A method for generating a reconstruction of a multichannel signal using a downmix signal derived from an original multichannel signal, wherein the reconstruction of the multichannel signal has at least three channels and generates a reconstruction of the multichannel signal. silver:

Deriving a set of uncorrelated signals using an uncorrelated rule, wherein the uncorrelated rule is a rule that causes a first uncorrelated signal and a second uncorrelated signal to be derived using the downmix signal, And within the orthogonal tolerance range, the first uncorrelated signal and the second uncorrelated signal are orthogonal to each other; And

Generating output channels using the downmix signal, the first and second uncorrelated signals, and the upmix information such that at least three channels are at least partially uncorrelated with each other. How to.

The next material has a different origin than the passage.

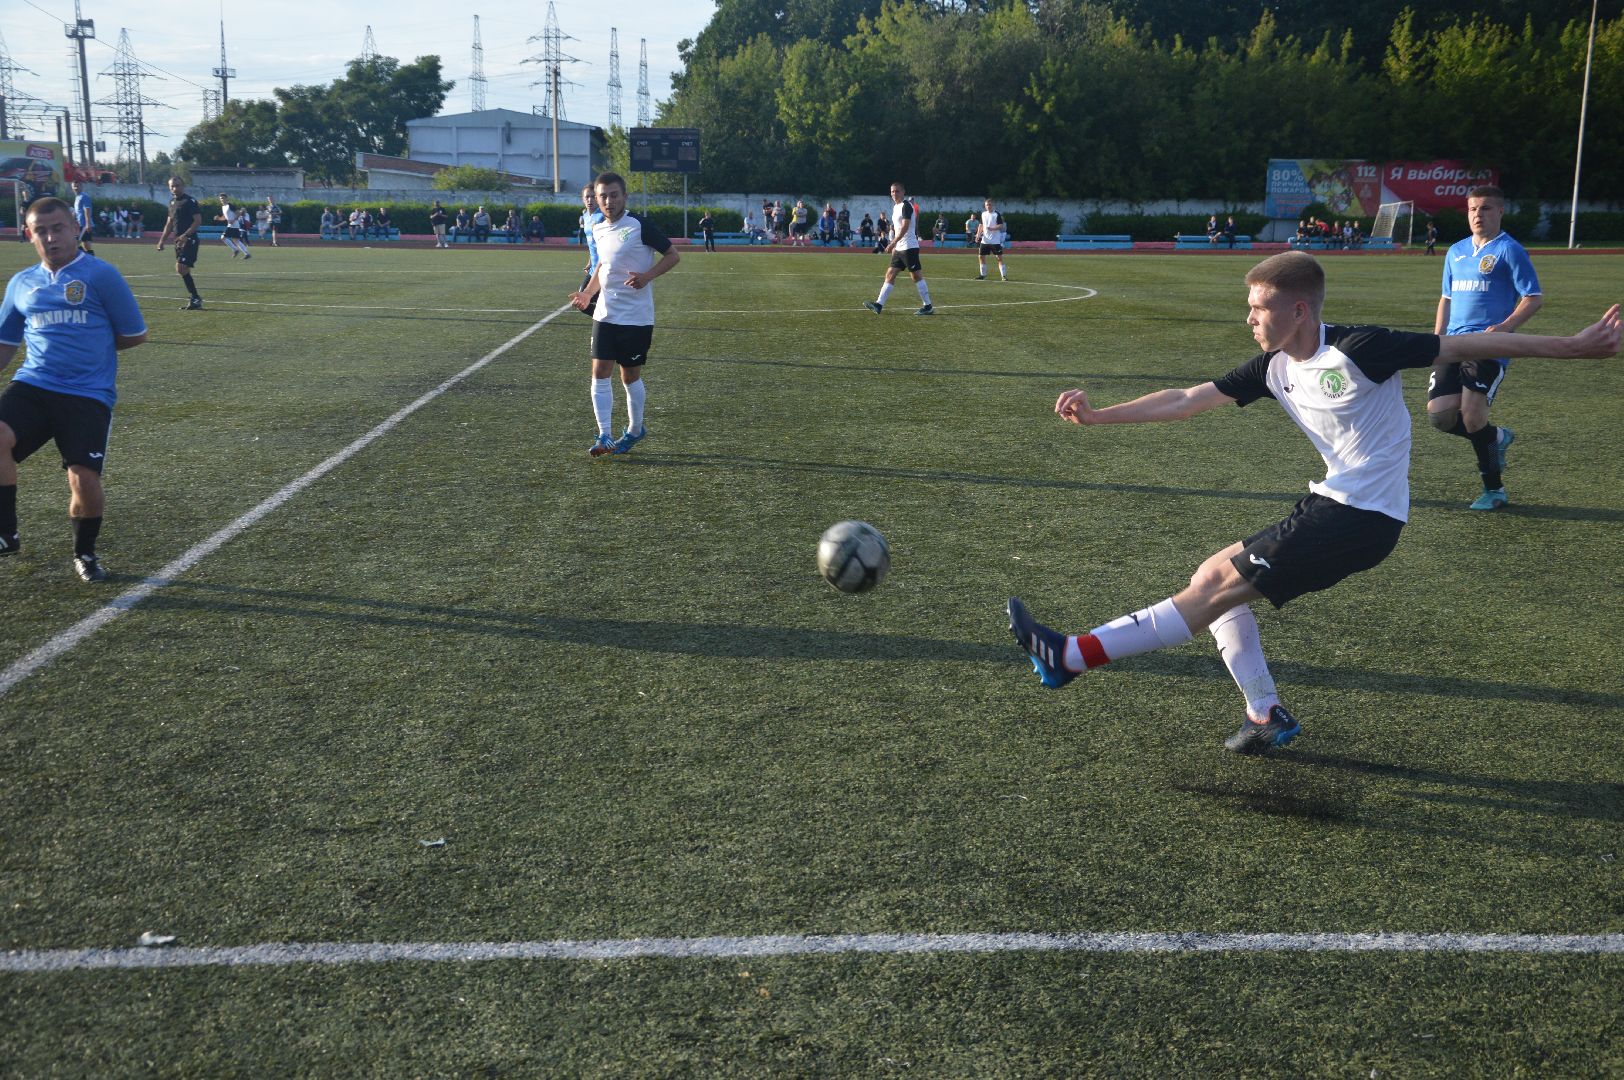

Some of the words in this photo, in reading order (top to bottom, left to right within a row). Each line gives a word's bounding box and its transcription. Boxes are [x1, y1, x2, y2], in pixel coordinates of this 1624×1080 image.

[1272, 169, 1304, 181] 80%
[1356, 166, 1377, 177] 112
[1390, 166, 1404, 180] Я
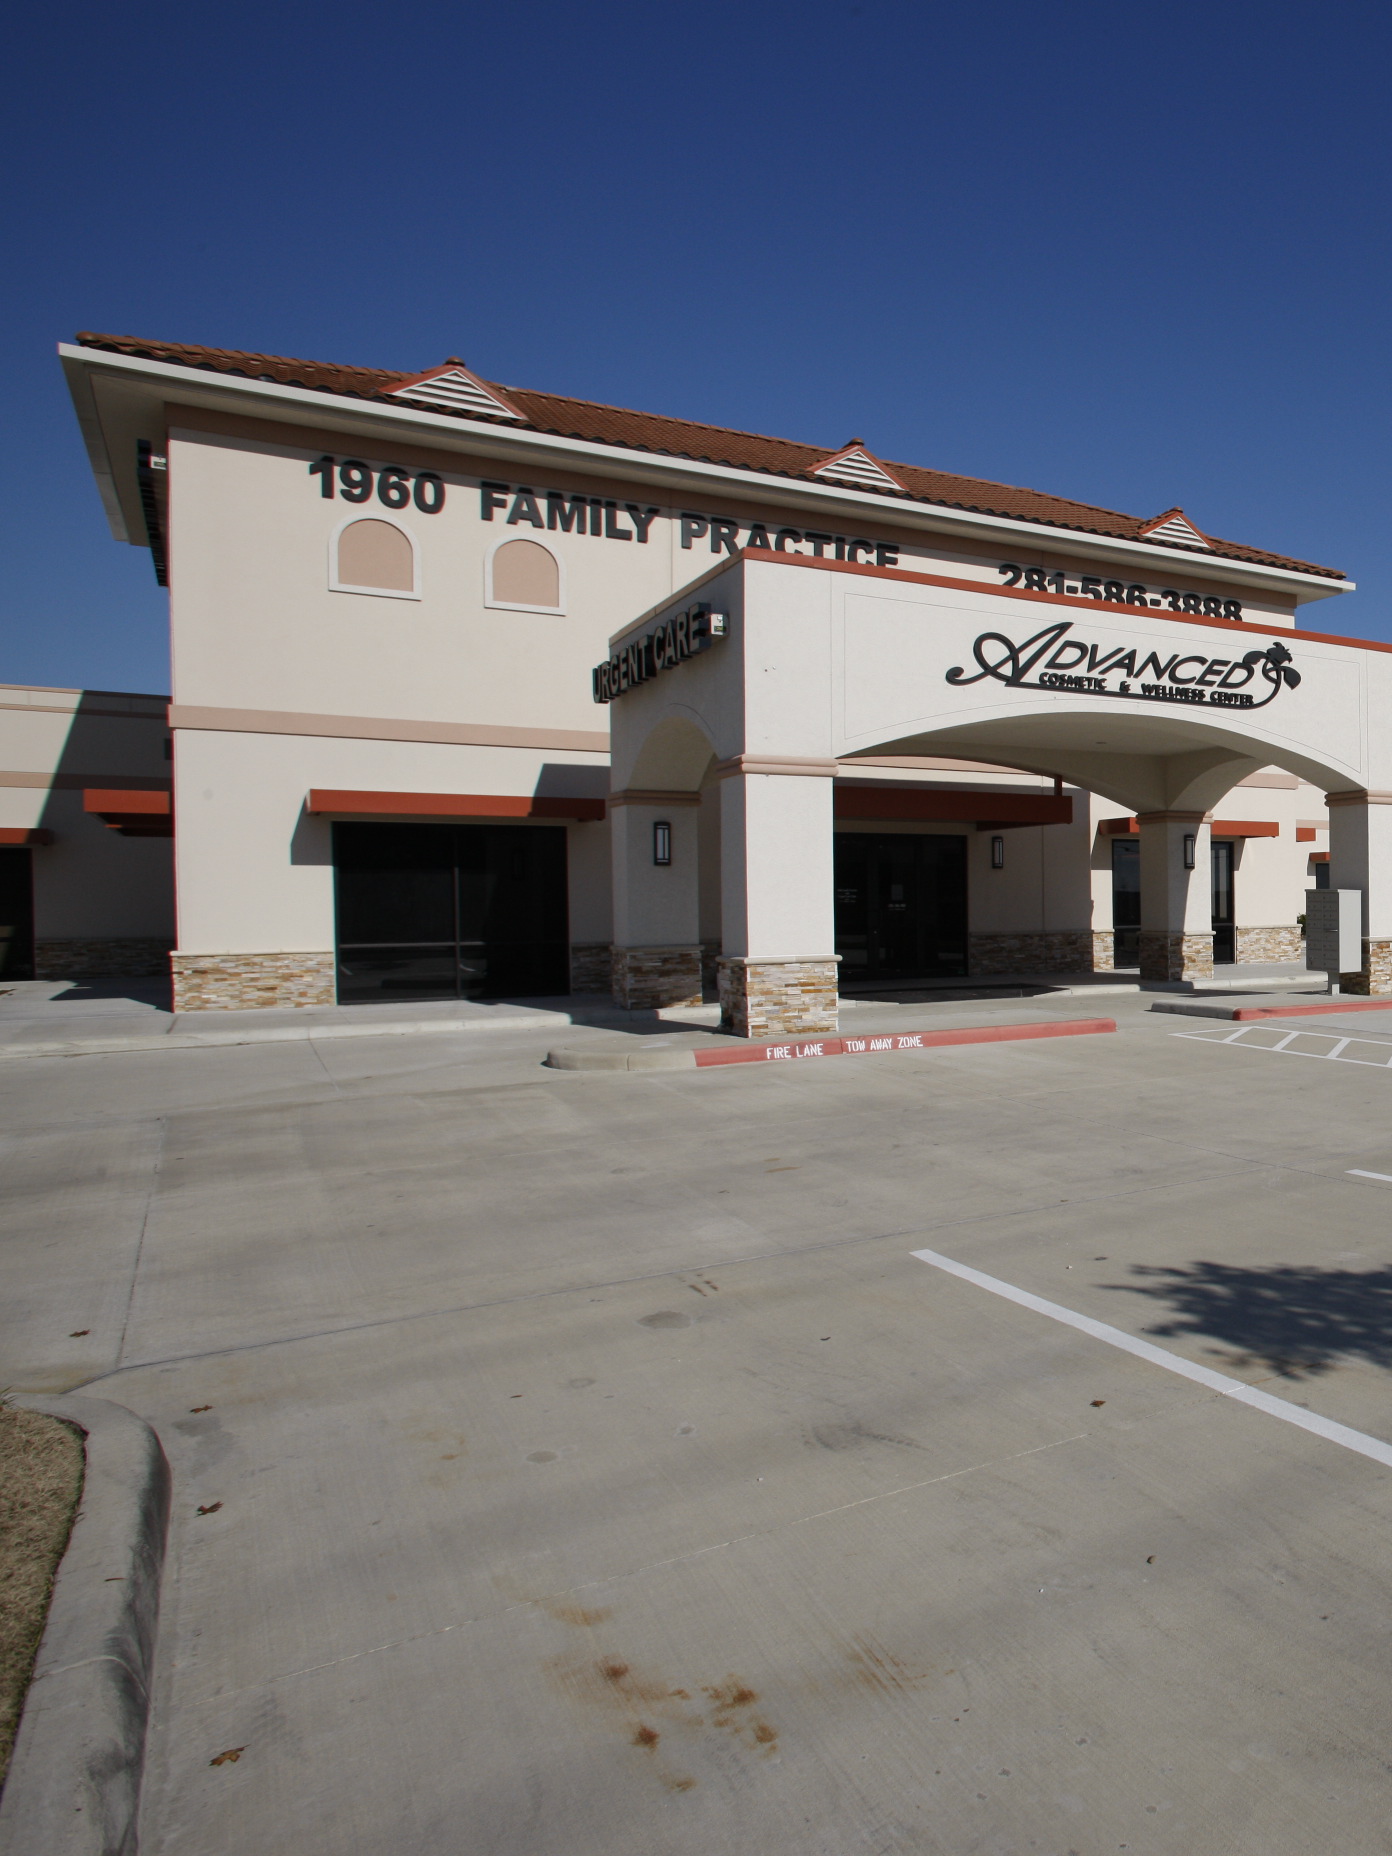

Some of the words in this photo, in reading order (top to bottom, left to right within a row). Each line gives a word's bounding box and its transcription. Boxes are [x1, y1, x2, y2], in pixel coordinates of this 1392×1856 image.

A reconstructed multichannel signal having at least three channels,

The reconstructed multichannel signal is reconstructed using a downmix signal derived from the original multichannel signal and a first uncorrelated signal and a second uncorrelated signal derived using the downmix signal, wherein the first And wherein the first uncorrelated signal and the second uncorrelated signal are orthogonal to each other within an orthogonal tolerance.

A computer-readable storage medium storing a reconstructed multichannel signal according to claim 16.

A receiver or audio player having a multichannel decoder (400; 500; 600) according to claim 1.

Having a method for generating a reconstruction of a multichannel signal according to claim 15,

Receiving method or audio playing method.

A computer readable medium having recorded thereon a program for causing a computer to execute the method according to claim 15.